Zakes Makgona Mokae was born in Johannesburg in 1934. In vicious times in South Africa, he was jailed several times as a young man. He was playing saxophone in a jazz band in the late 1950s when he was introduced to Fugard by a black journalist, Bloke Modisane, who was helping Fugard create a theatre that was specifically about South African life, a type of theatre that did not exist at the time.
Mokae had no previous acting experience, but Fugard, sensing a bond between them, cast him in two plays even before The Blood Knot. When The Blood Knot was revived by the Yale Repertory Company in the United States in 1985, with Fugard and Mokae again acting together, it was, Fugard said, among the most emotional occasions of his life.
After The Blood Knot opened in London, Mokae was barred from returning to South Africa. He did not return until 1982, when he learned his brother James was to be hanged for murders committed during a robbery, though it was unclear whether James was present during the killings. Mokae, who learned of the death sentence on the night he won his Tony award, returned to Johannesburg in time to witness his brother's execution.
Mokae's many films included The Comedians, Darling, Cry Freedom and A Dry White Season. in 1993 he was nominated for a Tony for a supporting role in The Song of Jacob Zulu, a first play by a white playwright, Tug Yourgrau, about the South African trial of a black activist. Mokae played a man who had spent much of his life in prison.
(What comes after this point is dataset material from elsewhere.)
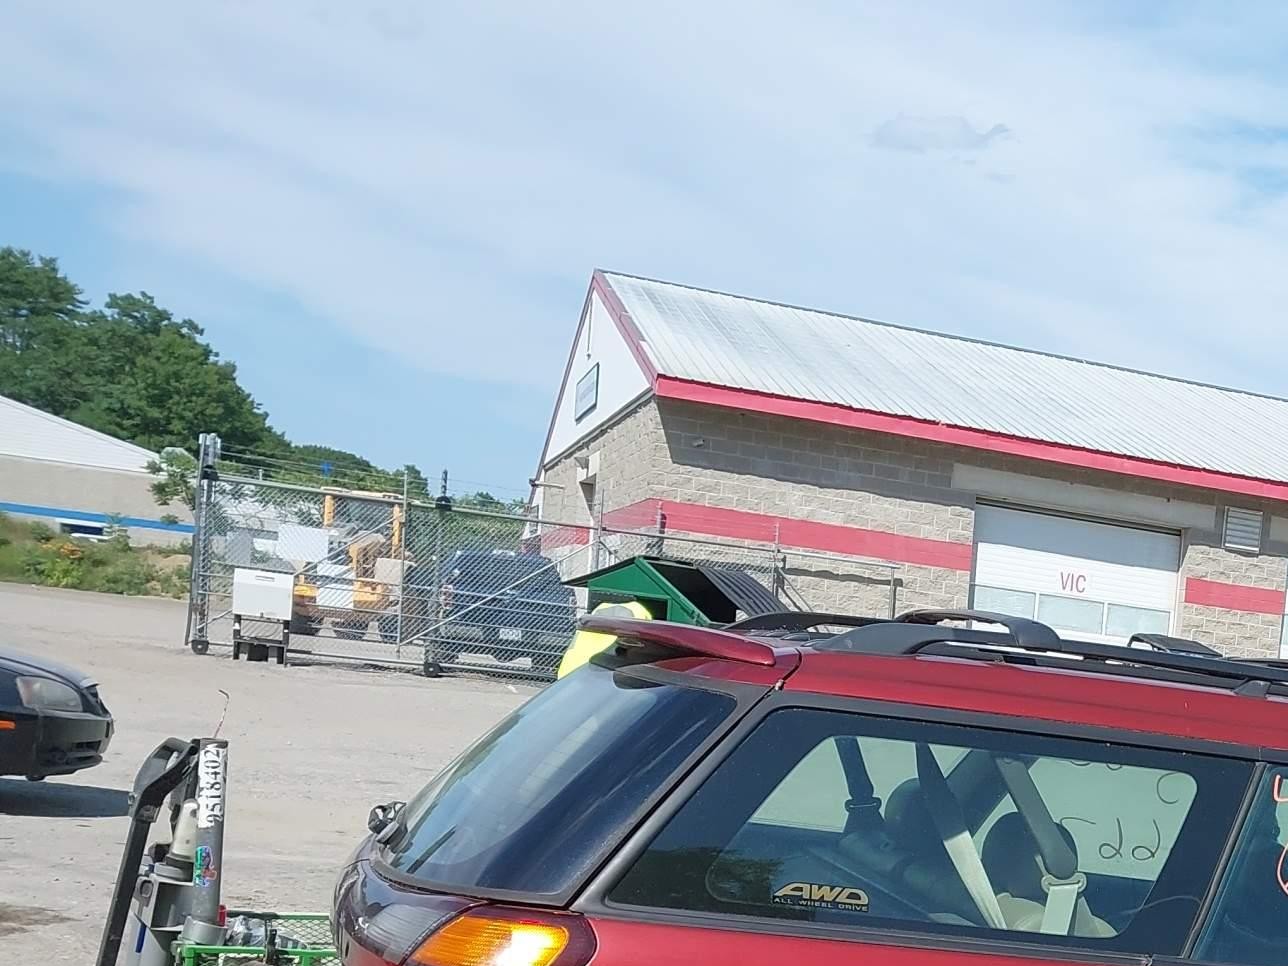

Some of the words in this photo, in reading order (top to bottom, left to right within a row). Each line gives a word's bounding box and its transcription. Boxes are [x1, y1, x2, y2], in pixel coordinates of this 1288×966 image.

"If you're a black man in South Africa and you've never been in prison there's something wrong with you," Mokae said in an interview with the New York Times at the time, adding that a tirade spewed by his character had grown out of conversations he had with Yourgrau.
"Tug hasn't been in prison a lot with black folks, so I had to talk about it with him," Mokae said. "It's true that when they count you at night they walk on your face with their boots. And they do it all night. All night, somebody's being beaten. Somebody's screaming. That stuff to me, it's real. You have to tell a white person, 'That's what it is,' so that he gets it, the filth and the stink, the kind of poetry that comes out of that."
Mokae, who died following complications of a stroke he had in May, had previously been diagnosed with Alzheimer's disease and Parkinson's disease.
His wife, Madelyn, said they moved back to South Africa in 2005, while his mind was still mostly intact, "so he could live under freedom there and have some memory of it".
In addition to his wife, whom he married in 1966, divorced in 1978 and then remarried in 1985, he is survived by two sisters, two brothers, a daughter and three grandchildren.